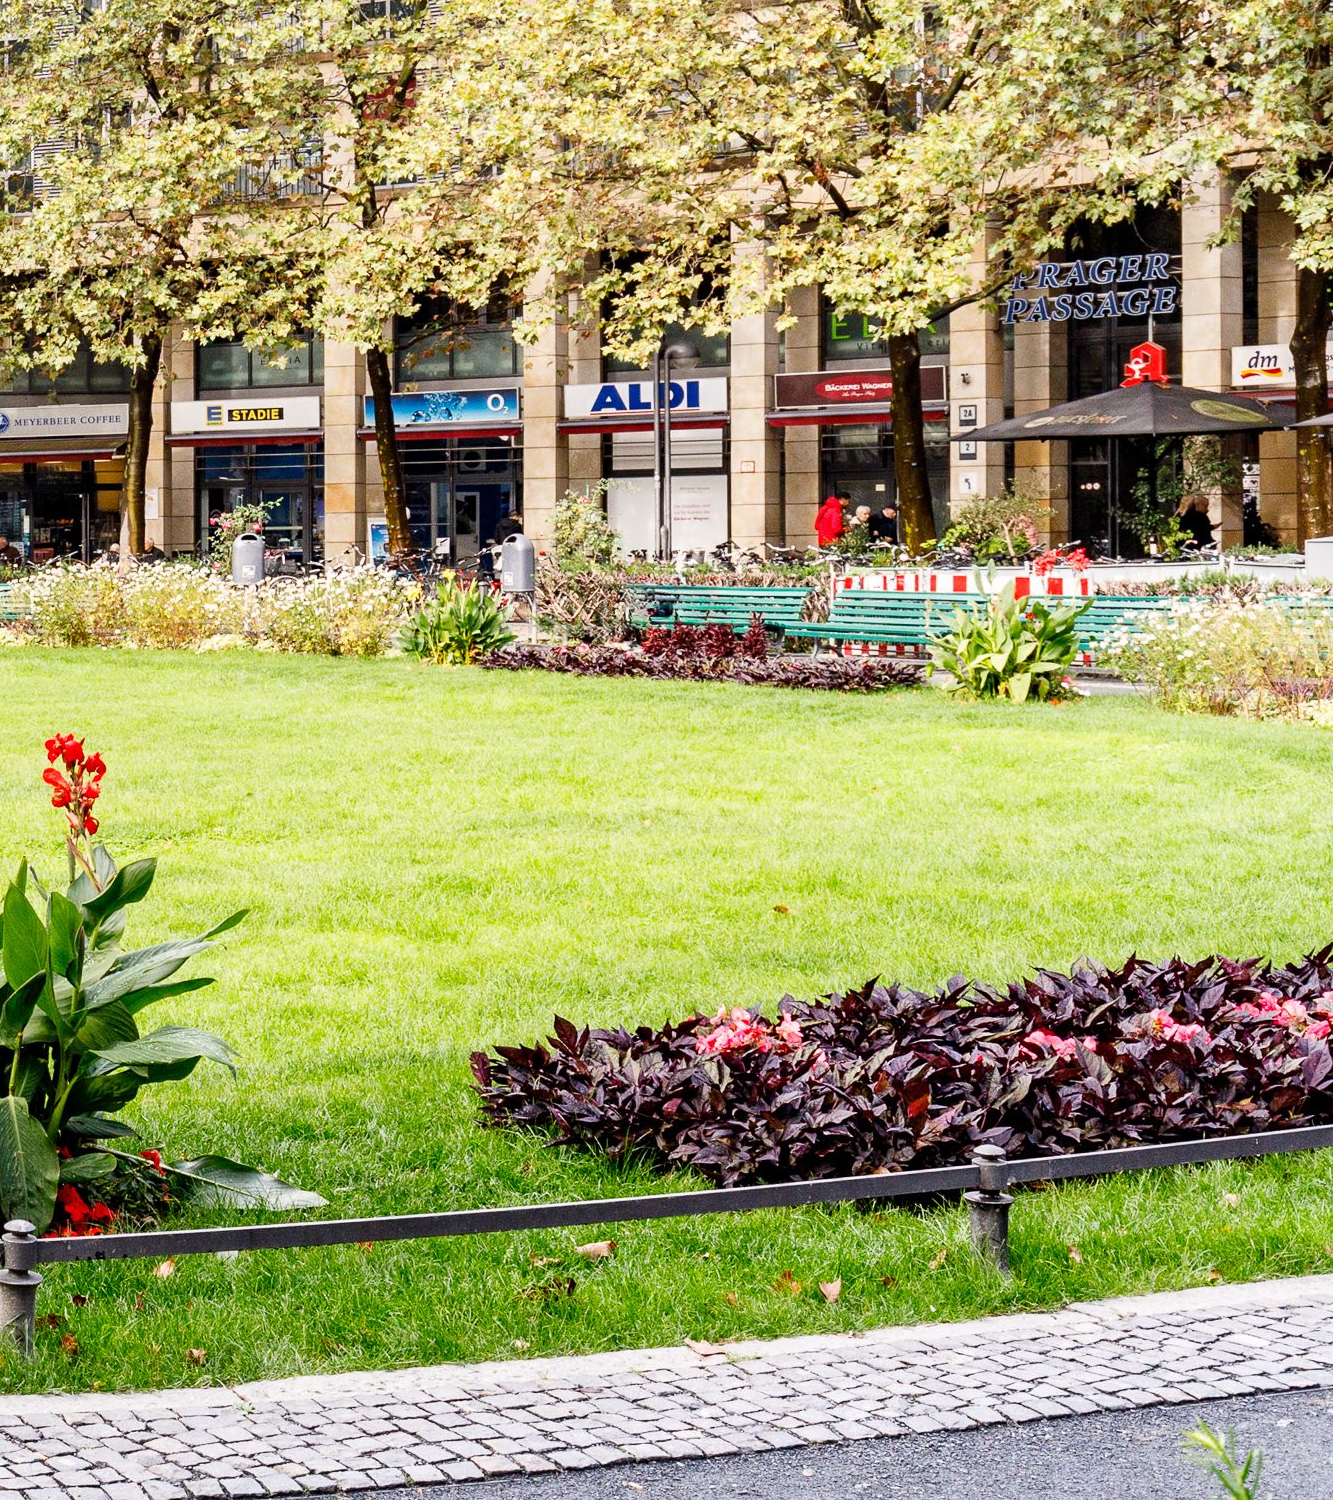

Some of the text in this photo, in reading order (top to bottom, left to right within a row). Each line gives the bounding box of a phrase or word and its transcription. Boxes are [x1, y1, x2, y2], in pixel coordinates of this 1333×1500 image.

[1011, 253, 1170, 291] PRAGER
[1002, 286, 1176, 324] PASSAGE
[1248, 351, 1278, 368] dm
[590, 381, 700, 412] ALDI
[232, 409, 279, 421] STADIE
[963, 409, 973, 417] 2A
[14, 415, 121, 427] MEYERBEER COFFEE
[965, 443, 970, 451] 2
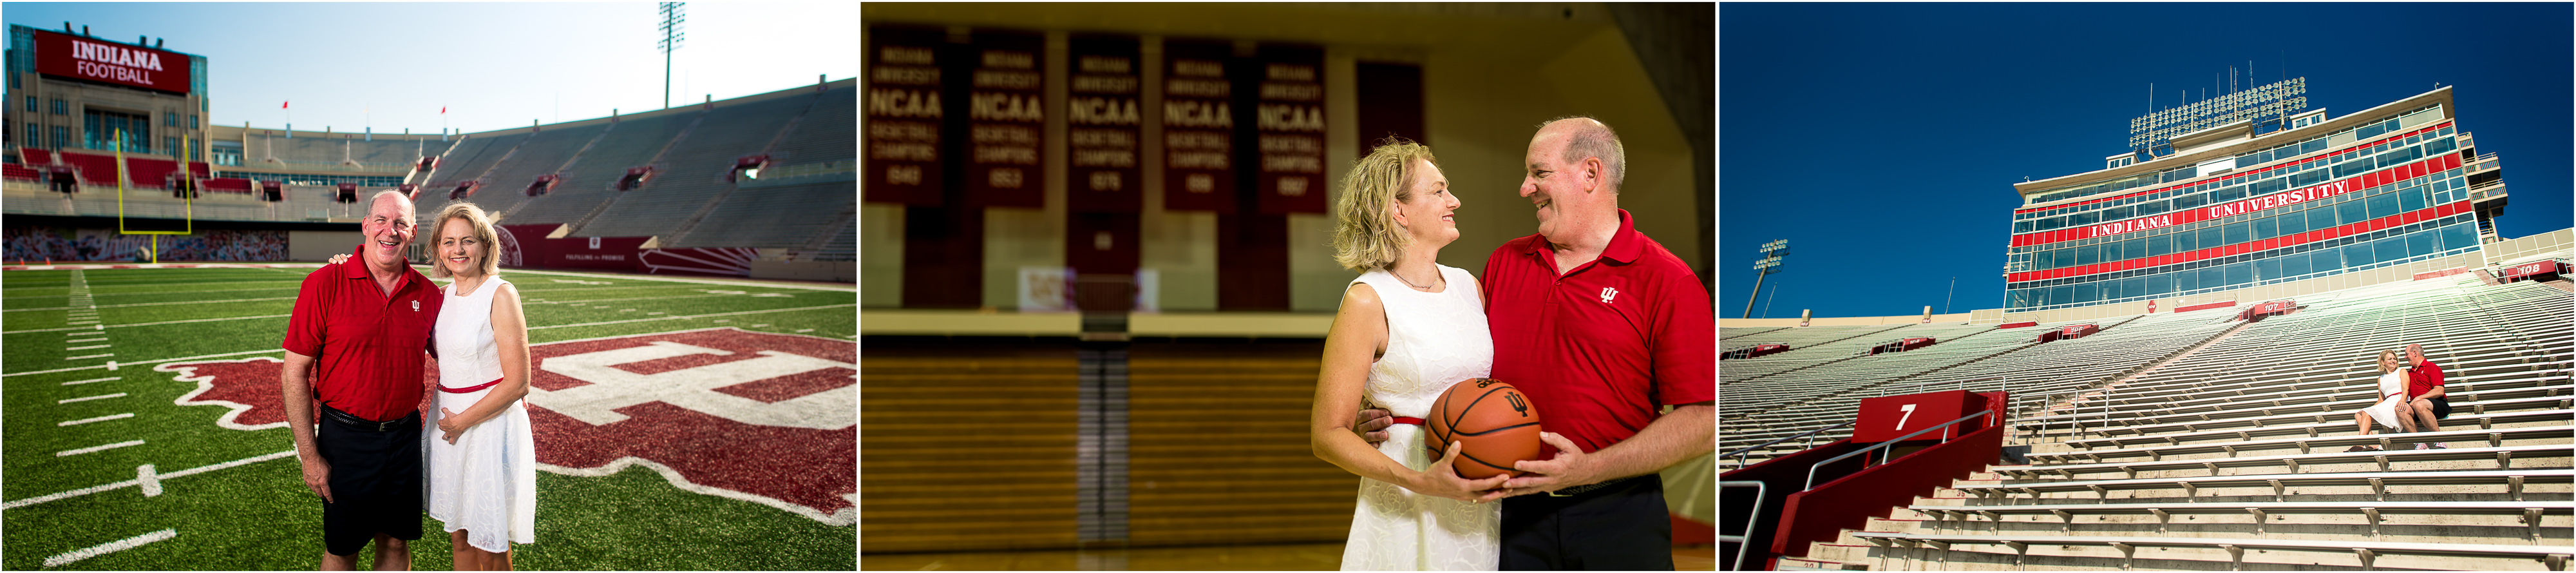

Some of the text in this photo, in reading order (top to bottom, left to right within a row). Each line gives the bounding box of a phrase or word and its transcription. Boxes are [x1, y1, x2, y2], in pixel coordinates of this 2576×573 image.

[72, 40, 163, 71] INDIANA
[77, 60, 153, 84] FOOTBALL
[870, 89, 942, 117] NCAA
[971, 93, 1043, 122] NCAA
[1069, 97, 1140, 124] NCAA
[1164, 101, 1232, 129] NCAA
[1258, 104, 1325, 133] NCAA
[2091, 180, 2345, 238] INDIANA UNIVERSITY
[2519, 264, 2540, 275] 108
[2264, 303, 2279, 311] 107
[1895, 403, 1917, 431] 7
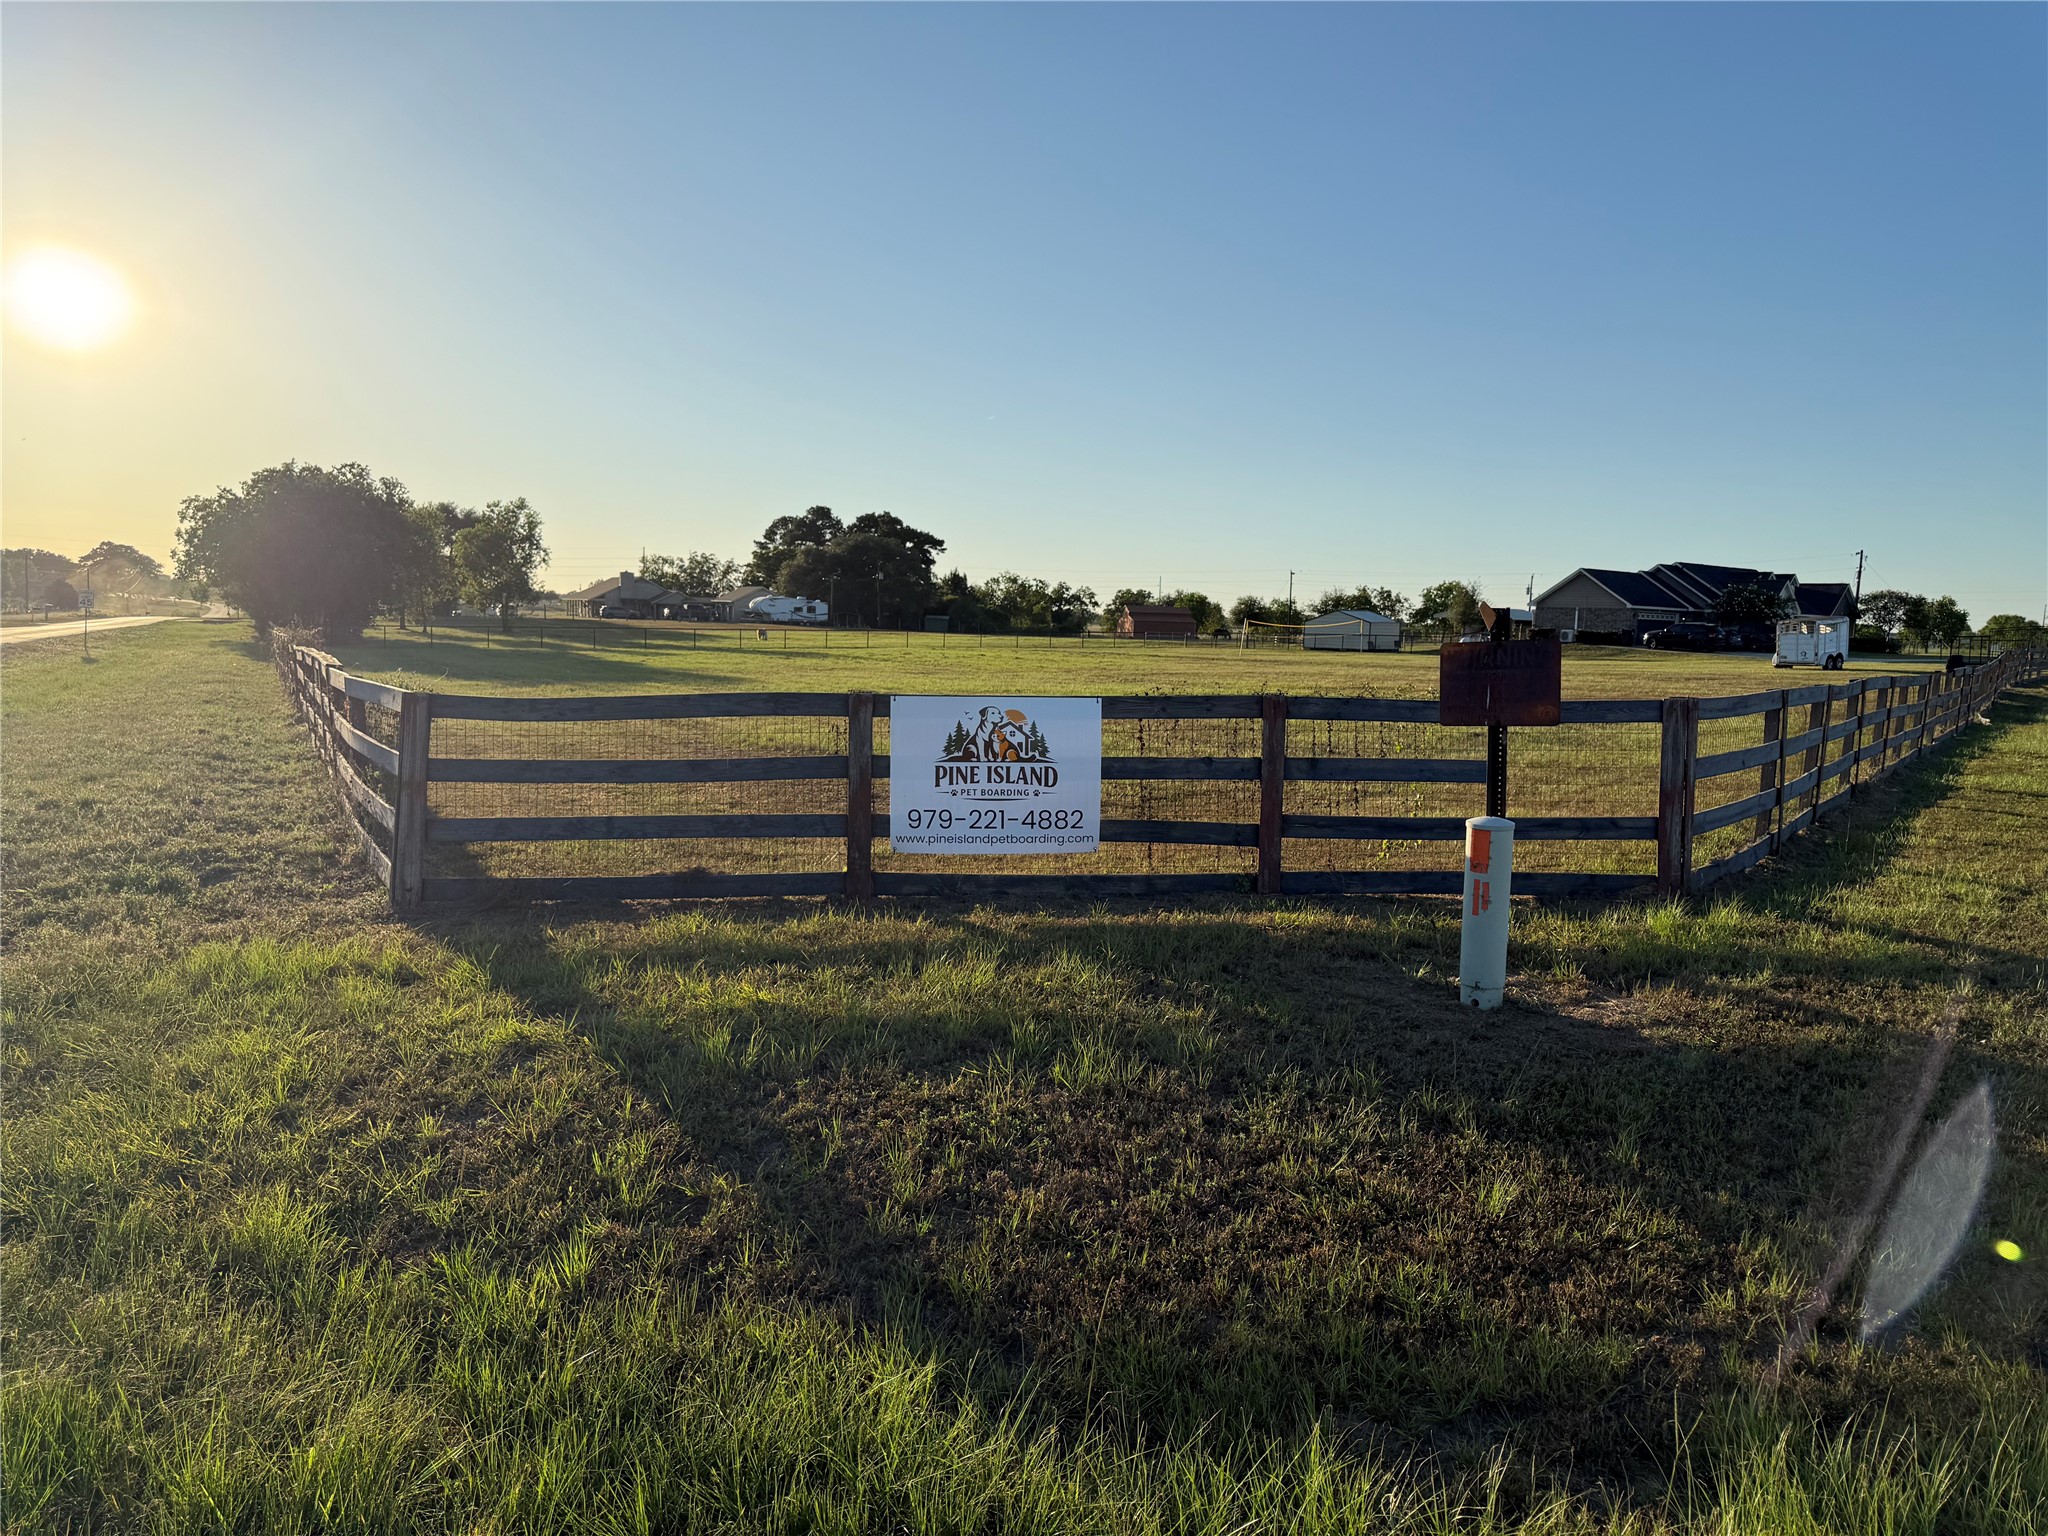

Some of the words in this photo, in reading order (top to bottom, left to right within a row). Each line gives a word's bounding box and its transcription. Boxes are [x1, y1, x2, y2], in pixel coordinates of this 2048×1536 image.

[934, 765, 980, 788] PINE
[987, 765, 1059, 788] ISLAND
[960, 788, 978, 797] PET
[980, 788, 1030, 797] BOARDING
[907, 808, 1084, 830] 979-221-4882
[895, 833, 1094, 847] www.pineislandpetboarding.com
*-*-*
# ASSIGNED TASK:
Please retype the material above exactly, and omit its images.

# ANSWER TO THIS EXERCISE:
Some of the text in this photo, in reading order (top to bottom, left to right within a row). Each line gives the bounding box of a phrase or word and its transcription. Boxes are [x1, y1, x2, y2], in pixel coordinates of this 1333×1500 image.

[1011, 253, 1170, 291] PRAGER
[1002, 286, 1176, 324] PASSAGE
[1248, 351, 1278, 368] dm
[590, 381, 700, 412] ALDI
[232, 409, 279, 421] STADIE
[963, 409, 973, 417] 2A
[14, 415, 121, 427] MEYERBEER COFFEE
[965, 443, 970, 451] 2

Some of the text in this photo, in reading order (top to bottom, left to right within a row). Each line gives the bounding box of a phrase or word and its transcription. Boxes are [x1, y1, x2, y2], in pixel coordinates of this 2576×573 image.

[72, 40, 163, 71] INDIANA
[77, 60, 153, 84] FOOTBALL
[870, 89, 942, 117] NCAA
[971, 93, 1043, 122] NCAA
[1069, 97, 1140, 124] NCAA
[1164, 101, 1232, 129] NCAA
[1258, 104, 1325, 133] NCAA
[2091, 180, 2345, 238] INDIANA UNIVERSITY
[2519, 264, 2540, 275] 108
[2264, 303, 2279, 311] 107
[1895, 403, 1917, 431] 7

Some of the words in this photo, in reading order (top to bottom, left to right within a row). Each line gives a word's bounding box and its transcription. Boxes are [x1, y1, x2, y2], in pixel coordinates of this 2048×1536 image.

[934, 765, 980, 788] PINE
[987, 765, 1059, 788] ISLAND
[960, 788, 978, 797] PET
[980, 788, 1030, 797] BOARDING
[907, 808, 1084, 830] 979-221-4882
[895, 833, 1094, 847] www.pineislandpetboarding.com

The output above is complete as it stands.